Anne Bouverot affirme que l’intelligence artificielle place l’Europe « au cœur d’une guerre géopolitique autour des technologies ». Face à la proposition américaine, la question de la dépendance devient centrale. « Si l’Europe se contente d’être un marché pour des technologies développées ailleurs, notre démocratie et notre économie en seront fortement impactées », avertit-elle.
Au Royaume‑Uni, les investissements massifs des États‑Unis alimentent aussi la crainte d’une perte d’autonomie. « Nous deviendrons des vassaux des États‑Unis si nous ne protégeons pas nos données », insiste Beeban Kidron. Pour les deux invitées, la réponse passe par une stratégie européenne coordonnée, secteur par secteur, afin d’offrir de vraies alternatives. « La souveraineté, c’est la capacité à avoir le choix, pas seulement entre des solutions américaines et chinoises », résume Anne Bouverot.
Les intervenantes soulignent aussi les impacts sociaux de l’IA, notamment sur les jeunes générations. Beeban Kidron rappelle : « Les vingt dernières années montrent qu’une technologie conçue sans penser aux enfants rend les jeunes anxieux et les démocraties ne peuvent pas se permettre d’avoir une génération sans avenir. »

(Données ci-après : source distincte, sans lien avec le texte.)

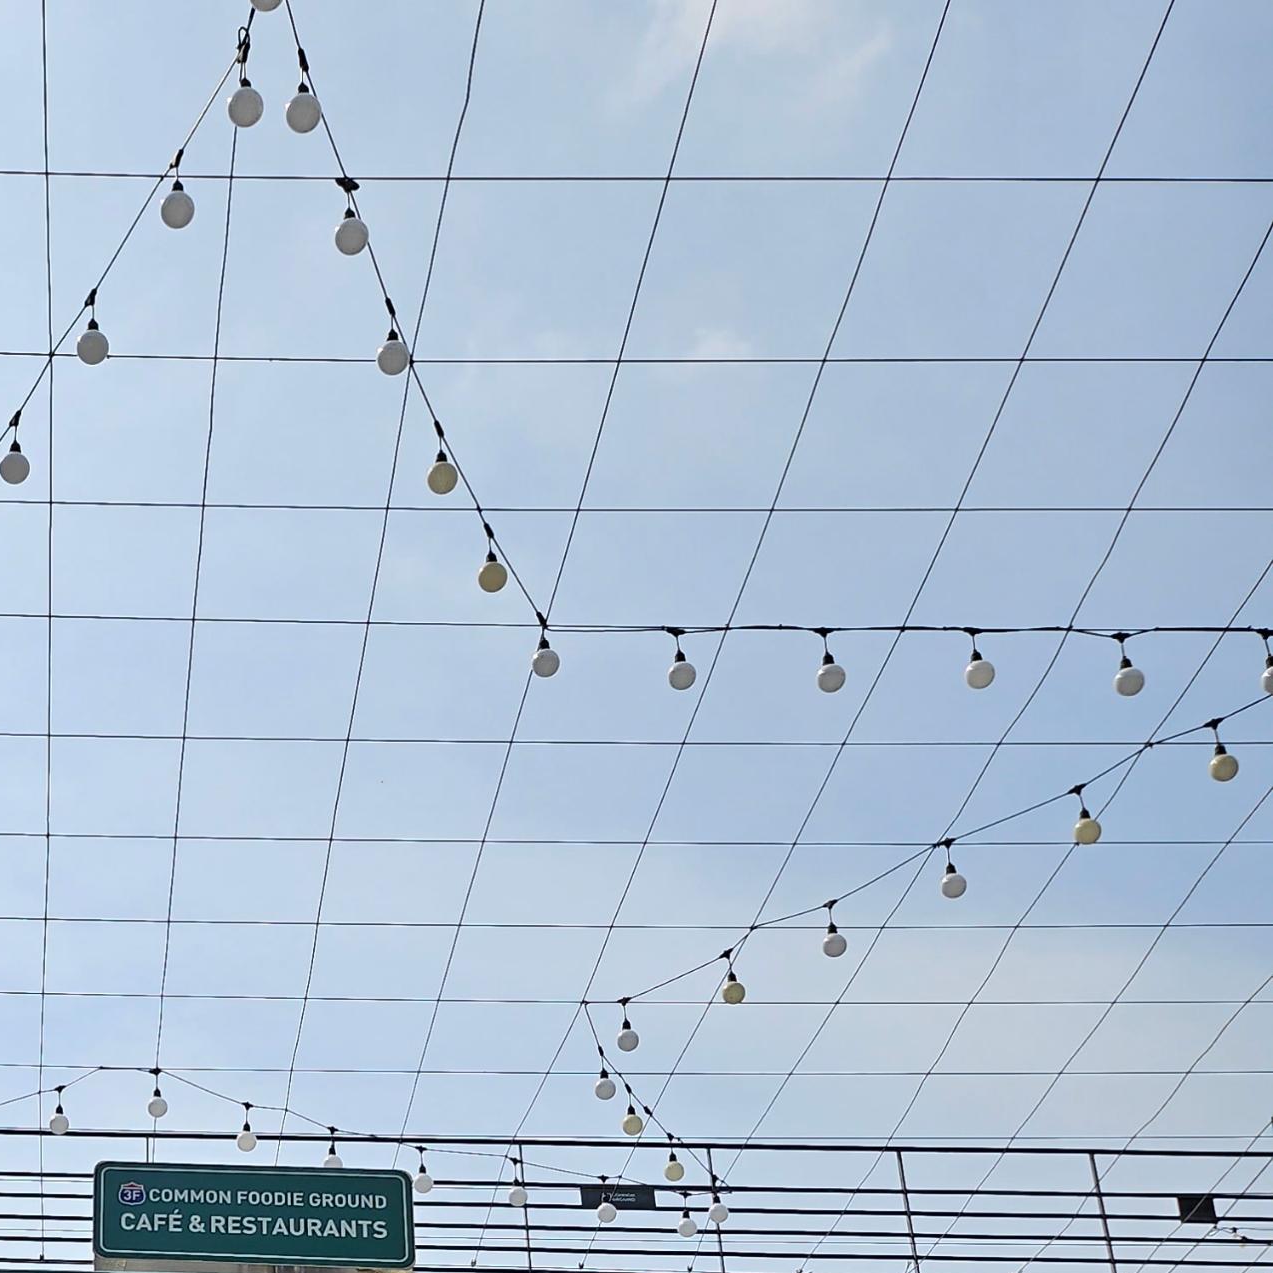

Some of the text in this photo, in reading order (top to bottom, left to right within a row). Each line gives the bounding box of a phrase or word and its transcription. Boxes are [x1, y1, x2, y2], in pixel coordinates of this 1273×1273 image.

[122, 1188, 388, 1209] 3F COMMON FOODIE GROUND
[120, 1209, 388, 1239] CAFÉ & RESTAURANTS
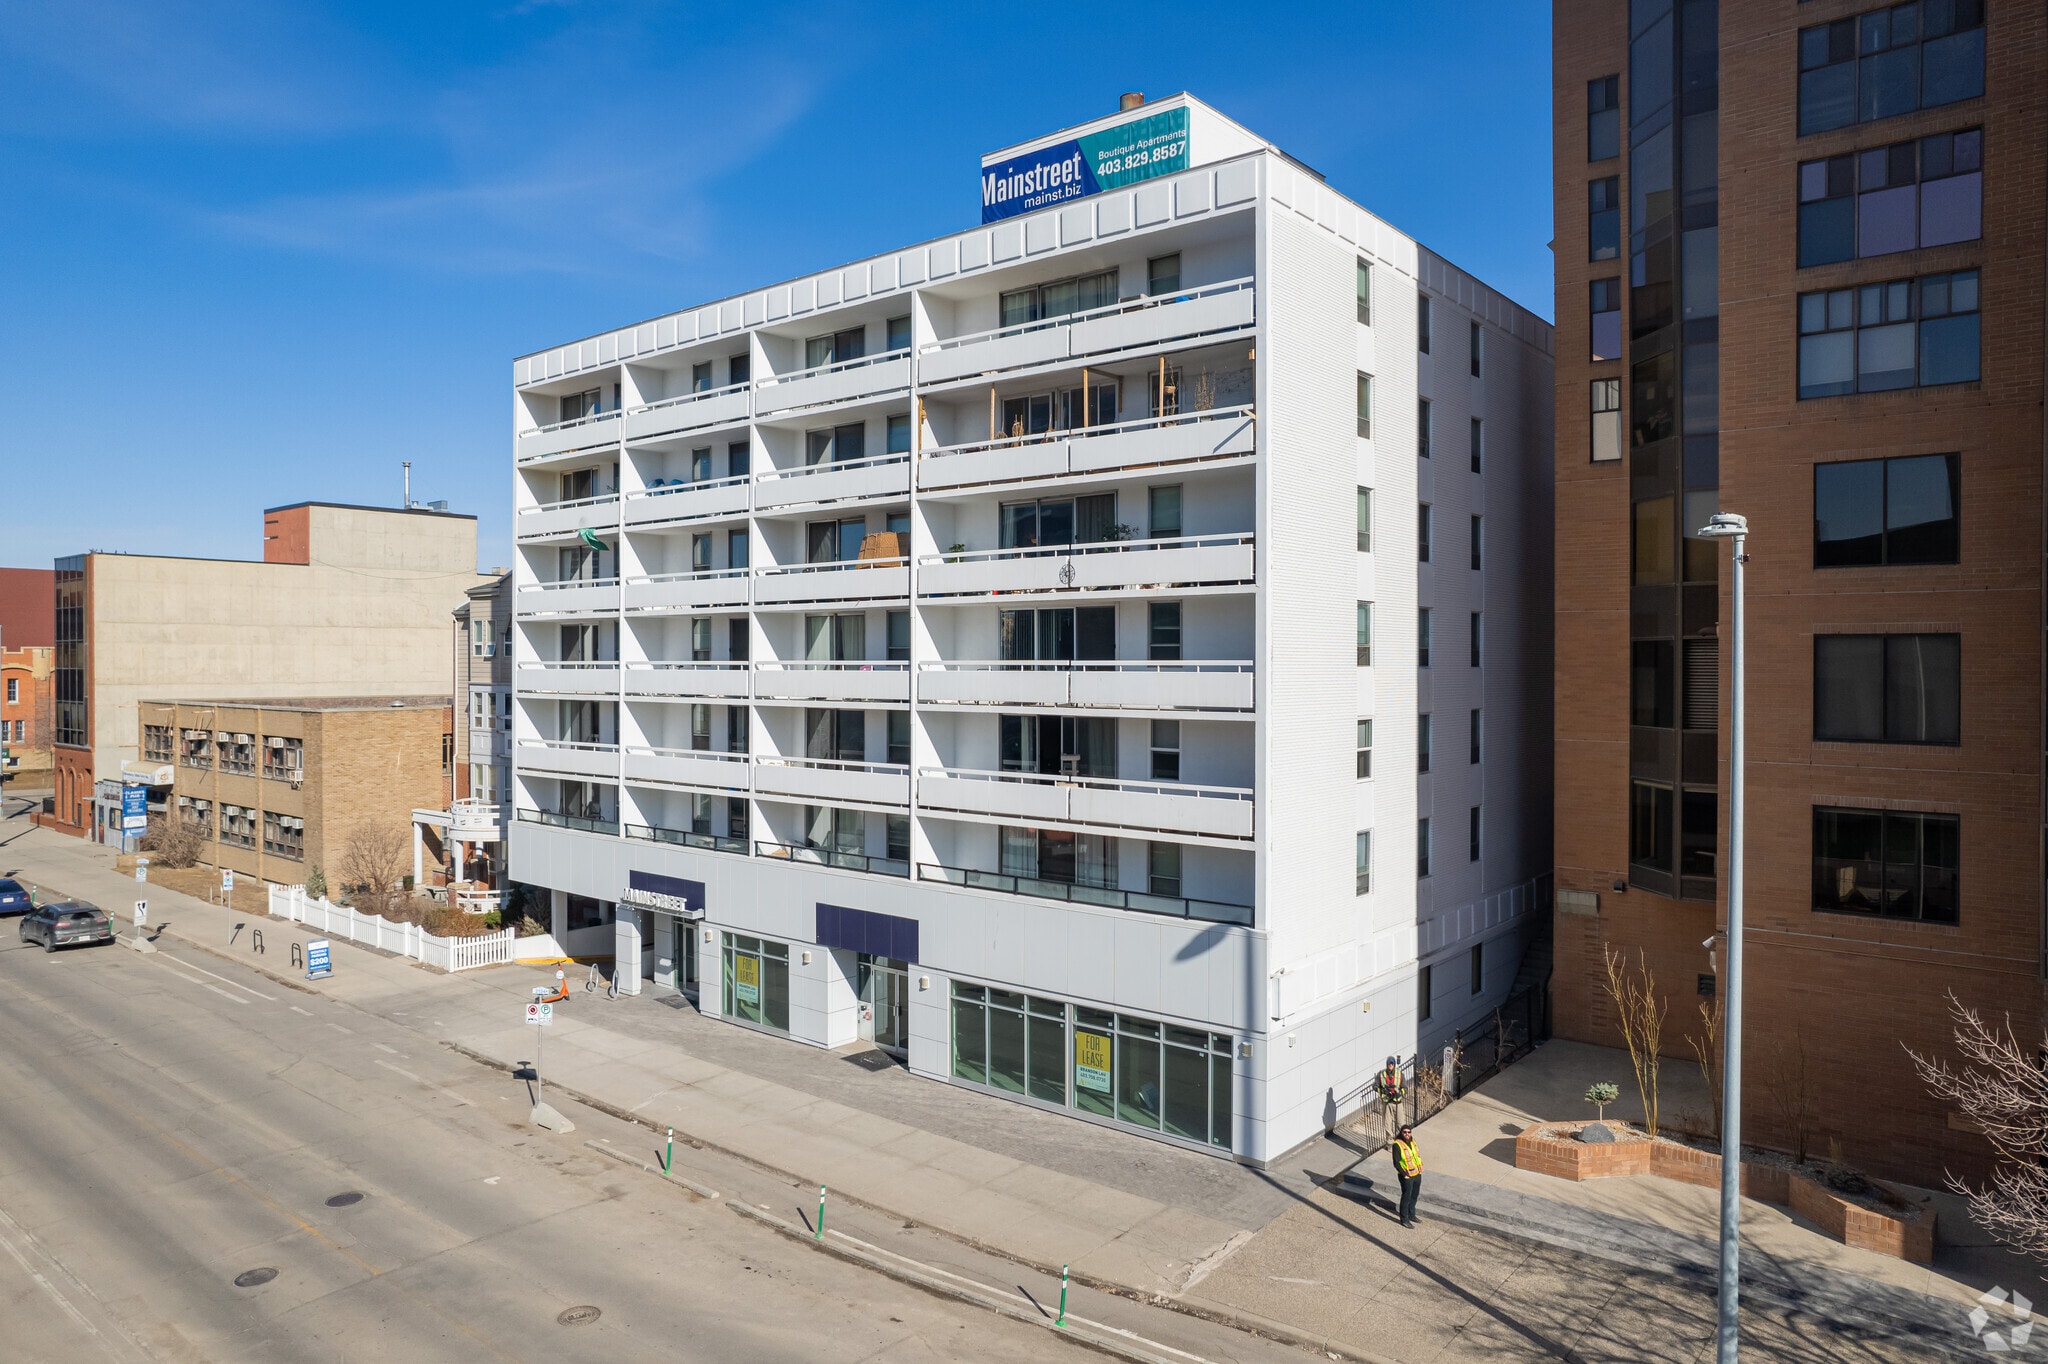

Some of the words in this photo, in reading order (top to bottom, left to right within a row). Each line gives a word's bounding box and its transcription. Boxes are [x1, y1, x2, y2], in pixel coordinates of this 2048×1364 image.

[1098, 142, 1135, 161] Boutique
[1136, 129, 1186, 150] Apartments
[1097, 141, 1186, 177] 403.829.8587
[982, 151, 1082, 207] Mainstreet
[1024, 184, 1082, 209] mainst.biz
[624, 887, 687, 912] MAINSTREET
[310, 956, 329, 966] $200
[742, 957, 753, 971] FOR
[1085, 1034, 1101, 1052] FOR
[1082, 1050, 1104, 1069] LEASE
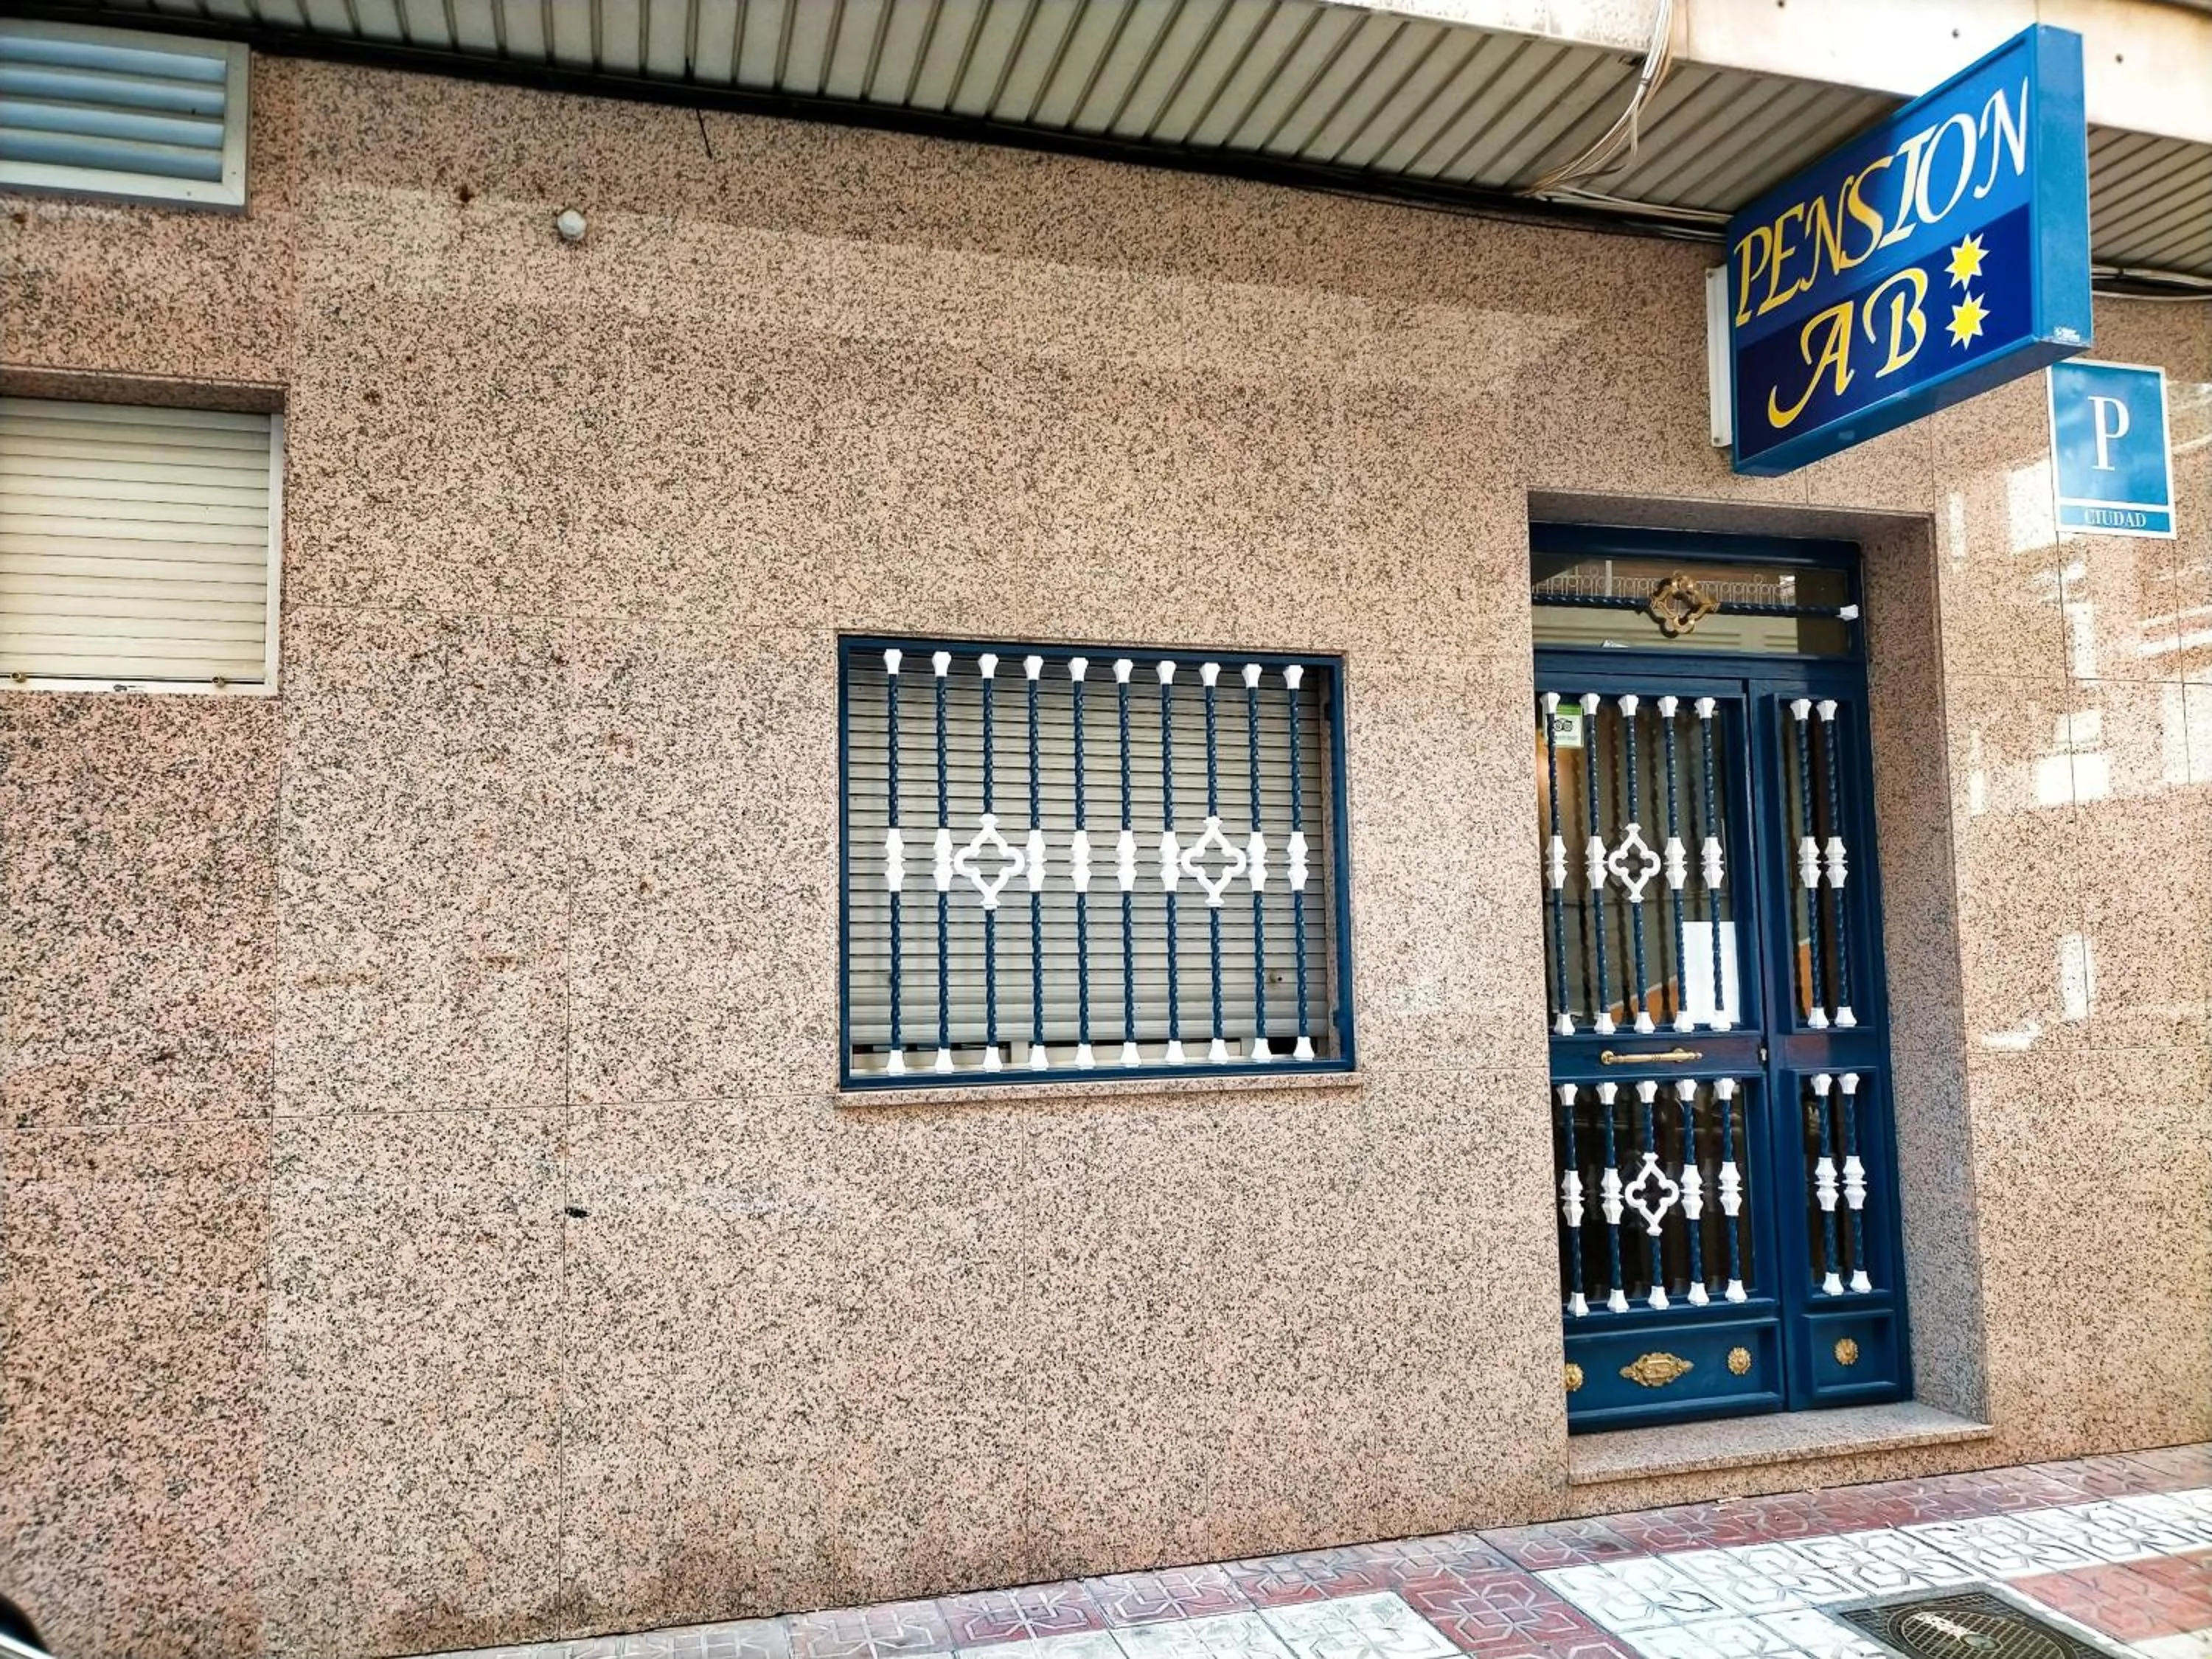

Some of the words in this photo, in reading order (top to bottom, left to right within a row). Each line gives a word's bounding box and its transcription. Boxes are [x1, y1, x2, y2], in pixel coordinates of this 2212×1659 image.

[1733, 76, 2028, 327] PENSION
[1768, 267, 1928, 428] AB
[2087, 396, 2130, 470] P
[2084, 509, 2146, 527] CIUDAD

Anne Bouverot évoque les effets sur l’emploi : « 70 à 80 % des métiers vont être transformés par l’intelligence artificielle. » Mais des enjeux culturels aussi se font jour : modèles entraînés sur un Internet majoritairement anglophone, biais culturels, droits d’auteur menacés. Beeban Kidron conclut sur un enjeu fondamental : « Nous sommes à un moment clé où l’on choisit si la technologie travaille pour nous ou si c’est nous qui travaillons pour elle. »
Pour l’Europe, le défi est de définir une stratégie coordonnée, sectorielle et audacieuse, afin de bâtir des solutions propres et de préserver des espaces démocratiques à l’échelle du continent.